● **INPUT DATA**
_ _ _

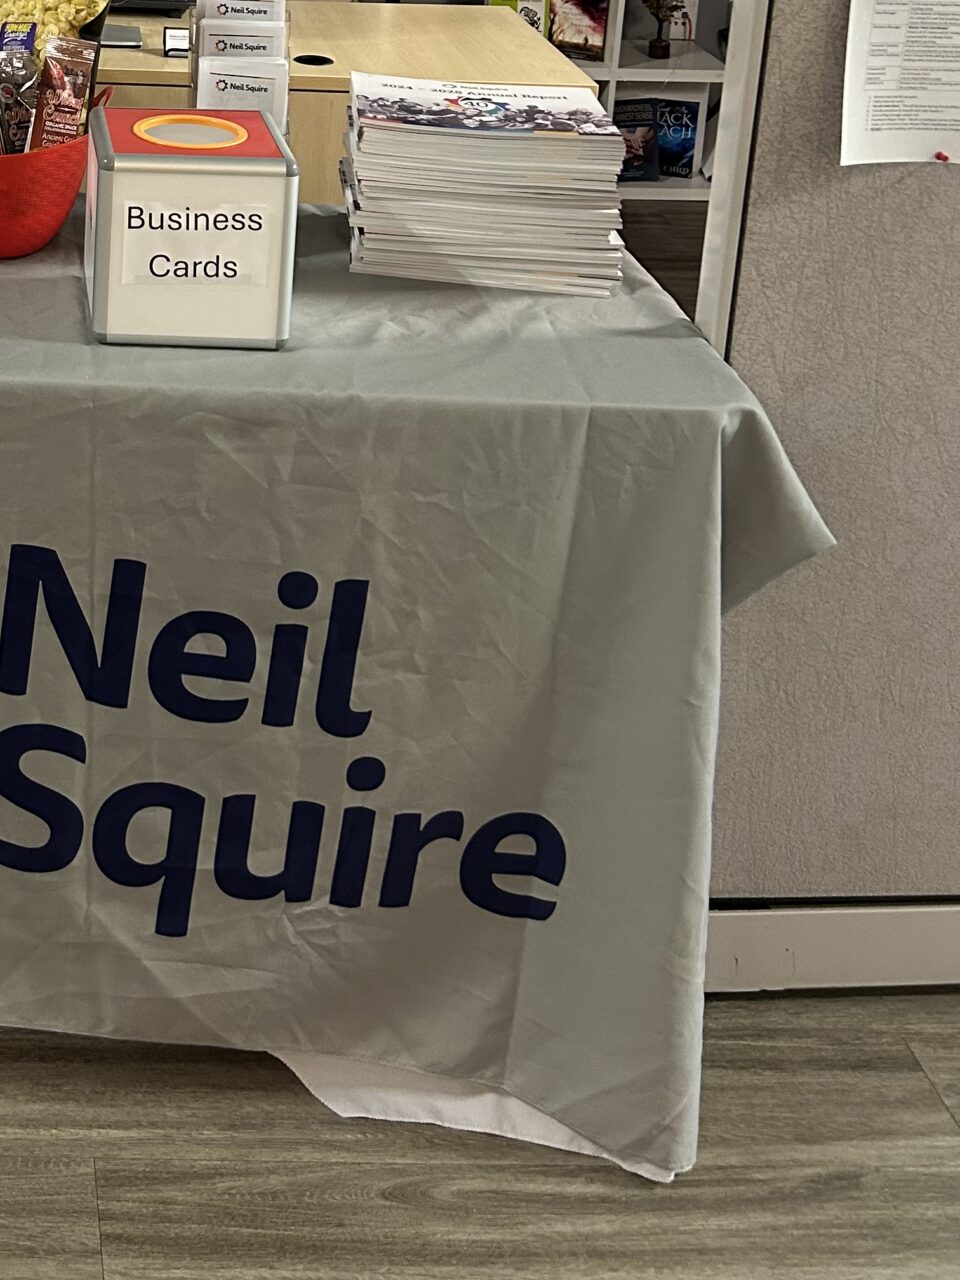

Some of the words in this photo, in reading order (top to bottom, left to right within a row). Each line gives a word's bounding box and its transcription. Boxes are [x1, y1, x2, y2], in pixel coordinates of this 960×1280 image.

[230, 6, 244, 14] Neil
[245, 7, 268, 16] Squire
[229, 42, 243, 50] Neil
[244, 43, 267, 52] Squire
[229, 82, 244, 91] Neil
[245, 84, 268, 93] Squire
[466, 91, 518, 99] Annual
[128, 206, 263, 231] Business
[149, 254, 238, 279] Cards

_ _ _

● **TASK INSTRUCTIONS**
Each entry above must be restated word for word; the pictures stay out of the copy.

● **WORKED SOLUTION**
Some of the words in this photo, in reading order (top to bottom, left to right within a row). Each line gives a word's bounding box and its transcription. Boxes are [x1, y1, x2, y2], in pixel coordinates of this 960×1280 image.

[230, 6, 244, 14] Neil
[245, 7, 268, 16] Squire
[229, 42, 243, 50] Neil
[244, 43, 267, 52] Squire
[229, 82, 244, 91] Neil
[245, 84, 268, 93] Squire
[466, 91, 518, 99] Annual
[128, 206, 263, 231] Business
[149, 254, 238, 279] Cards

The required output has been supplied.